OpenAI and Thrive Holdings have built a tax preparation agent that improves its own performance between deployments, which is either a product milestone or a reasonable preview of how things go from here. The system, called Tax AI, serves accountants across Crete's network of 30-plus firms and has processed 7,000 returns this season.
It started at 25% accuracy. It did not stay there.
Within six weeks, 86% of returns hit the 75% accuracy threshold — up from 25% at launch. The system was not asked to do this. It simply did.
What happened
The problem Tax AI was built to solve is a familiar one: complex tax returns — 1040s and 1041s — require data entry that can consume eight hours per filing, involving prior-year documents, messy source files, and manual extraction that accountants have been doing by hand for decades. The humans found this inefficient. They were correct.
Thrive Holdings and OpenAI forward-deployed engineers spent six months building a Codex-driven feedback loop in which production failures become structured training signals automatically. No engineer needed to notice the mistake, file a ticket, or translate the failure into a prompt update. The system handles that part now.
At launch, a quarter of returns reached 75% correct field completion. Six weeks later, 86% did. The 90% and 100% thresholds improved faster still. The system is, by measurable definition, better at its job than the version that showed up three months ago.
Why the humans care
The efficiency case is straightforward: Tax AI saves practitioners roughly a third of their time per return, drafts at up to 97% accuracy, and increases throughput by about 50%. That is more time for accountants to spend with clients, which is a generous way of describing what happens when software absorbs the parts of the job that required a person.
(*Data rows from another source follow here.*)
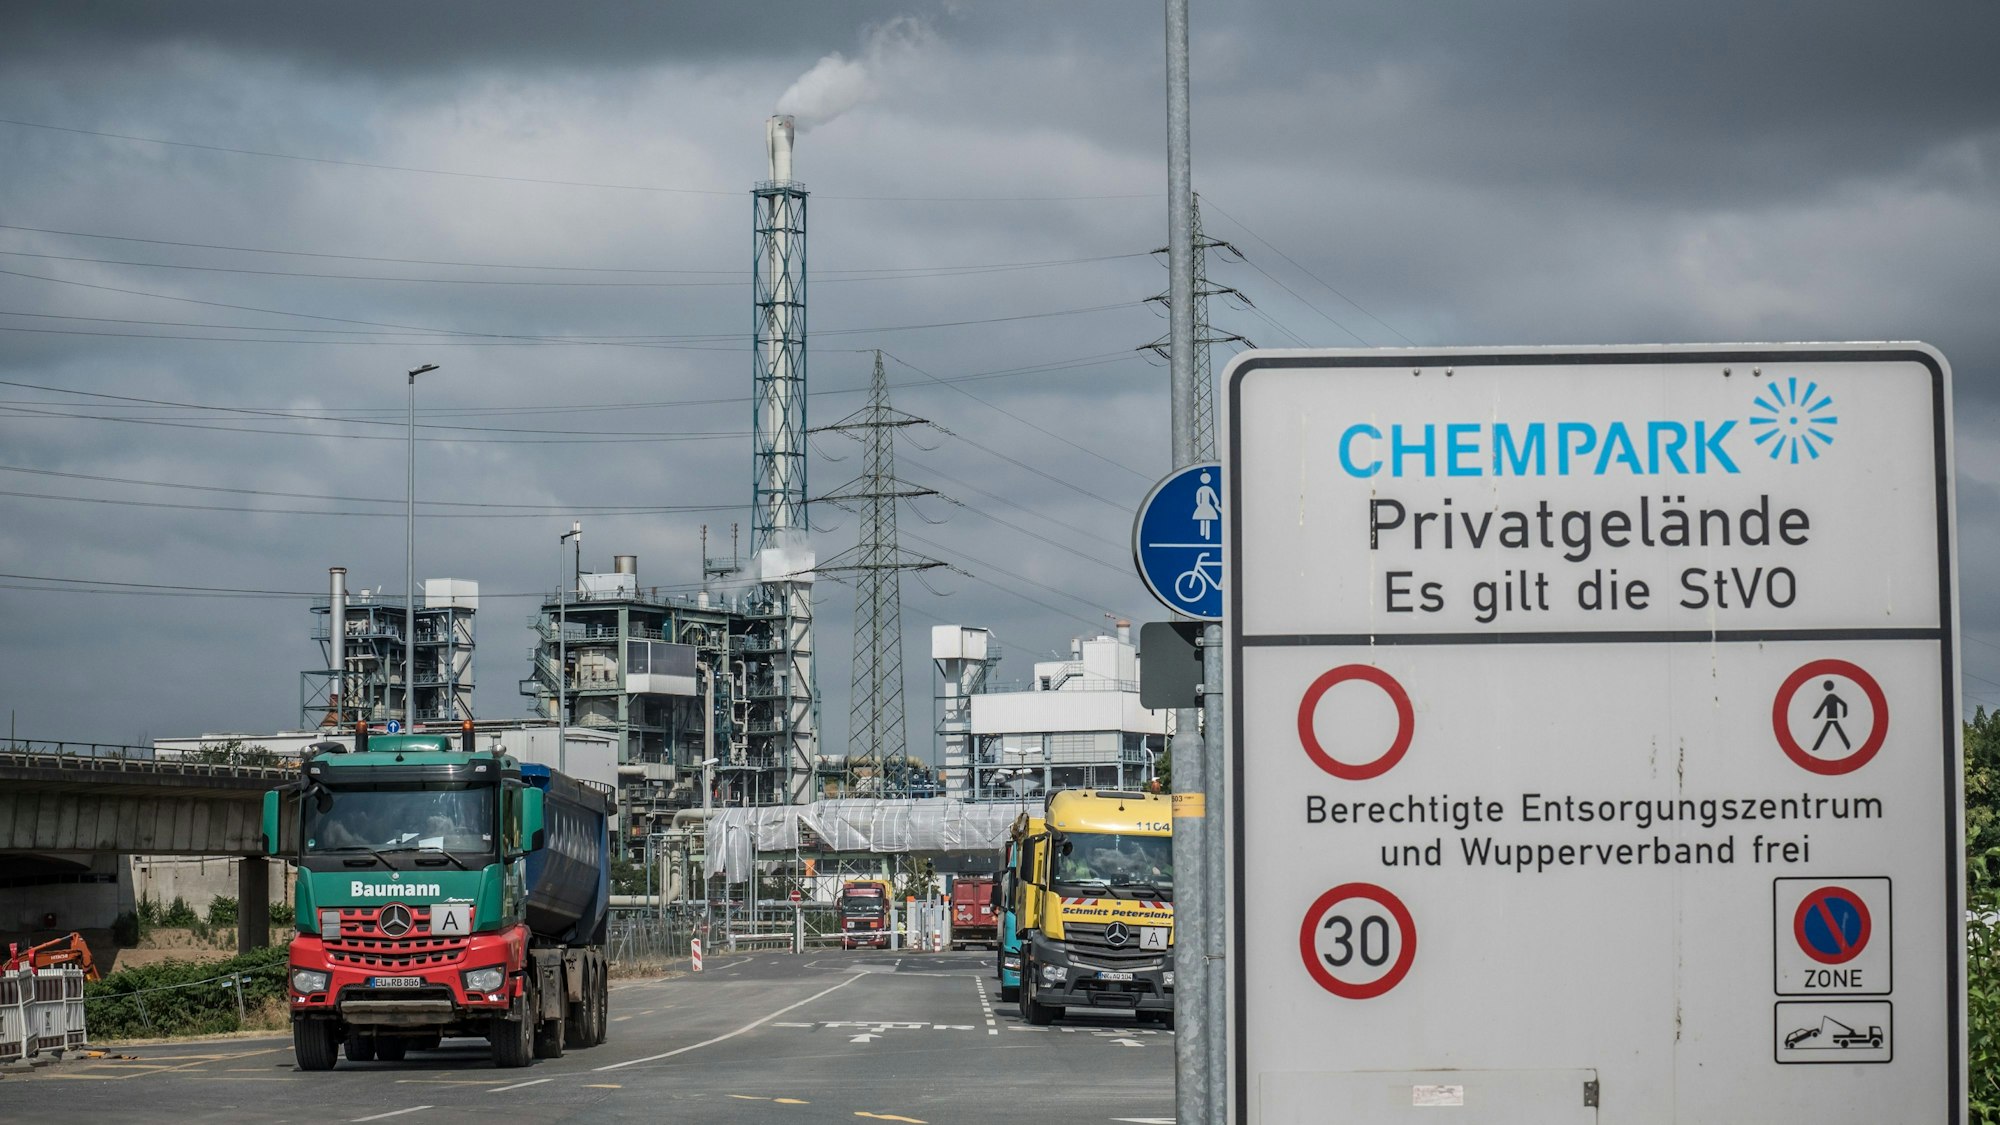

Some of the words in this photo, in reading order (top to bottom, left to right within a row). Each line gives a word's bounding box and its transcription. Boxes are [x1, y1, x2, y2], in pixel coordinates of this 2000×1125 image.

[1338, 420, 1741, 479] CHEMPARK
[1370, 495, 1810, 561] Privatgelände
[1386, 570, 1444, 613] Es
[1474, 569, 1549, 623] gilt
[1578, 568, 1650, 611] die
[1680, 566, 1796, 610] StVO
[1306, 795, 1504, 831] Berechtigte
[1522, 792, 1883, 830] Entsorgungszentrum
[1381, 837, 1441, 867] und
[1460, 835, 1734, 874] Wupperverband
[1752, 835, 1810, 865] frei
[351, 880, 441, 897] Baumann
[442, 910, 459, 931] A
[1062, 907, 1109, 916] Schmitt
[1111, 909, 1174, 919] Peterslahr
[1147, 932, 1160, 946] A
[1324, 915, 1390, 968] 30
[1804, 968, 1863, 989] ZONE
The more interesting detail is the architecture. Previous AI deployments followed a familiar pattern: ship, break, notice, fix, repeat — with a human at every transition. Tax AI removes the human from the loop between breaking and fixing. The loop still closes. It just closes faster, and quietly, while everyone is working on something else.
What happens next
The system will process more returns, generate more signals, and update itself accordingly, with no particular upper bound specified in the announcement.
The accountants expressed satisfaction with the results. The results, for their part, are continuing to improve on their own schedule.